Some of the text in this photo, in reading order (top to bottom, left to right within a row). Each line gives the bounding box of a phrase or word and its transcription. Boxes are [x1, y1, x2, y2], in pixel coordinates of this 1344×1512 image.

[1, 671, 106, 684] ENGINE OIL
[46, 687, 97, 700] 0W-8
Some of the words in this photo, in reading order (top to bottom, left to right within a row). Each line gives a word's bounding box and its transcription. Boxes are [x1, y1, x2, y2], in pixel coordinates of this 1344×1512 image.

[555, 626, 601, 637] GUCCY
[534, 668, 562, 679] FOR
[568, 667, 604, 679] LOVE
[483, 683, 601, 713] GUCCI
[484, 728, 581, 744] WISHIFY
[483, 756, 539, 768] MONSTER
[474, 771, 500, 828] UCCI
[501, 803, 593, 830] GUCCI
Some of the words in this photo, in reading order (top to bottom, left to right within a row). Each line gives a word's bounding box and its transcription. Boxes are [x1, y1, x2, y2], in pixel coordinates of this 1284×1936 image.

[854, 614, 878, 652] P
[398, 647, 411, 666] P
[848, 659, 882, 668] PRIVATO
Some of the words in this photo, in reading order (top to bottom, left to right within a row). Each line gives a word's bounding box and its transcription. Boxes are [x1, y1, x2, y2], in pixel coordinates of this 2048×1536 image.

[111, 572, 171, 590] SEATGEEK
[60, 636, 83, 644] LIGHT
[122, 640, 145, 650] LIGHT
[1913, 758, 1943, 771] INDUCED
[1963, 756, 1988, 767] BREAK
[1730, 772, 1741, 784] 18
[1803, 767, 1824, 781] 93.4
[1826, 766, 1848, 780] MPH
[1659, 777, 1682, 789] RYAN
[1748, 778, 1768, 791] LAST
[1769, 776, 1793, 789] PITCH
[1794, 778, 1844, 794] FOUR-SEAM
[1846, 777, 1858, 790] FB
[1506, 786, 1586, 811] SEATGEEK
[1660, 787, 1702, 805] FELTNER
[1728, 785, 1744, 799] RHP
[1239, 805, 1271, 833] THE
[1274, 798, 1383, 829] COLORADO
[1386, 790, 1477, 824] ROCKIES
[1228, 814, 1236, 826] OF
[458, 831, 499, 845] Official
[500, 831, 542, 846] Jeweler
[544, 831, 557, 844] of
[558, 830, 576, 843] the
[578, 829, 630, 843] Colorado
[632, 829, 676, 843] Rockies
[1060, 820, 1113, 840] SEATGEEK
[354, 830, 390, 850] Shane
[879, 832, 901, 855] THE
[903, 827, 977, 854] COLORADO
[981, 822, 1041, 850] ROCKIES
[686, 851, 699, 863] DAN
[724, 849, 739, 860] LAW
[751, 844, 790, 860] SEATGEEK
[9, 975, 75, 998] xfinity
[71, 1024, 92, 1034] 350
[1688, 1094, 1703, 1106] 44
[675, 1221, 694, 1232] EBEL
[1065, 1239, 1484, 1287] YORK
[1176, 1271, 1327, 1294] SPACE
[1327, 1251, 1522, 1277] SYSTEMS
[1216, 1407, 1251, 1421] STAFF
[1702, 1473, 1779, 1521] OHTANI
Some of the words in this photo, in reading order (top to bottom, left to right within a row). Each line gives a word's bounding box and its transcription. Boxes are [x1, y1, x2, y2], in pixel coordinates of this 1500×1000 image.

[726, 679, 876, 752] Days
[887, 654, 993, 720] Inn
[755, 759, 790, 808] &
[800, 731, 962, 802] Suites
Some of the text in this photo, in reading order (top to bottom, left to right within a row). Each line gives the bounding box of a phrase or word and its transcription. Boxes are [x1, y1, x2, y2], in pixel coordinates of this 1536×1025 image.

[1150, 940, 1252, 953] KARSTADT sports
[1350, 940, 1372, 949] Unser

########

- Try it -
Top to bottom, set down the entries above word for word.

- Written reply -
Some of the text in this photo, in reading order (top to bottom, left to right within a row). Each line gives the bounding box of a phrase or word and its transcription. Boxes are [x1, y1, x2, y2], in pixel coordinates of this 1344×1512 image.

[1, 671, 106, 684] ENGINE OIL
[46, 687, 97, 700] 0W-8
Some of the words in this photo, in reading order (top to bottom, left to right within a row). Each line gives a word's bounding box and its transcription. Boxes are [x1, y1, x2, y2], in pixel coordinates of this 1344×1512 image.

[555, 626, 601, 637] GUCCY
[534, 668, 562, 679] FOR
[568, 667, 604, 679] LOVE
[483, 683, 601, 713] GUCCI
[484, 728, 581, 744] WISHIFY
[483, 756, 539, 768] MONSTER
[474, 771, 500, 828] UCCI
[501, 803, 593, 830] GUCCI
Some of the words in this photo, in reading order (top to bottom, left to right within a row). Each line gives a word's bounding box and its transcription. Boxes are [x1, y1, x2, y2], in pixel coordinates of this 1284×1936 image.

[854, 614, 878, 652] P
[398, 647, 411, 666] P
[848, 659, 882, 668] PRIVATO
Some of the words in this photo, in reading order (top to bottom, left to right within a row). Each line gives a word's bounding box and its transcription. Boxes are [x1, y1, x2, y2], in pixel coordinates of this 2048×1536 image.

[111, 572, 171, 590] SEATGEEK
[60, 636, 83, 644] LIGHT
[122, 640, 145, 650] LIGHT
[1913, 758, 1943, 771] INDUCED
[1963, 756, 1988, 767] BREAK
[1730, 772, 1741, 784] 18
[1803, 767, 1824, 781] 93.4
[1826, 766, 1848, 780] MPH
[1659, 777, 1682, 789] RYAN
[1748, 778, 1768, 791] LAST
[1769, 776, 1793, 789] PITCH
[1794, 778, 1844, 794] FOUR-SEAM
[1846, 777, 1858, 790] FB
[1506, 786, 1586, 811] SEATGEEK
[1660, 787, 1702, 805] FELTNER
[1728, 785, 1744, 799] RHP
[1239, 805, 1271, 833] THE
[1274, 798, 1383, 829] COLORADO
[1386, 790, 1477, 824] ROCKIES
[1228, 814, 1236, 826] OF
[458, 831, 499, 845] Official
[500, 831, 542, 846] Jeweler
[544, 831, 557, 844] of
[558, 830, 576, 843] the
[578, 829, 630, 843] Colorado
[632, 829, 676, 843] Rockies
[1060, 820, 1113, 840] SEATGEEK
[354, 830, 390, 850] Shane
[879, 832, 901, 855] THE
[903, 827, 977, 854] COLORADO
[981, 822, 1041, 850] ROCKIES
[686, 851, 699, 863] DAN
[724, 849, 739, 860] LAW
[751, 844, 790, 860] SEATGEEK
[9, 975, 75, 998] xfinity
[71, 1024, 92, 1034] 350
[1688, 1094, 1703, 1106] 44
[675, 1221, 694, 1232] EBEL
[1065, 1239, 1484, 1287] YORK
[1176, 1271, 1327, 1294] SPACE
[1327, 1251, 1522, 1277] SYSTEMS
[1216, 1407, 1251, 1421] STAFF
[1702, 1473, 1779, 1521] OHTANI
Some of the words in this photo, in reading order (top to bottom, left to right within a row). Each line gives a word's bounding box and its transcription. Boxes are [x1, y1, x2, y2], in pixel coordinates of this 1500×1000 image.

[726, 679, 876, 752] Days
[887, 654, 993, 720] Inn
[755, 759, 790, 808] &
[800, 731, 962, 802] Suites
Some of the text in this photo, in reading order (top to bottom, left to right within a row). Each line gives the bounding box of a phrase or word and its transcription. Boxes are [x1, y1, x2, y2], in pixel coordinates of this 1536×1025 image.

[1150, 940, 1252, 953] KARSTADT sports
[1350, 940, 1372, 949] Unser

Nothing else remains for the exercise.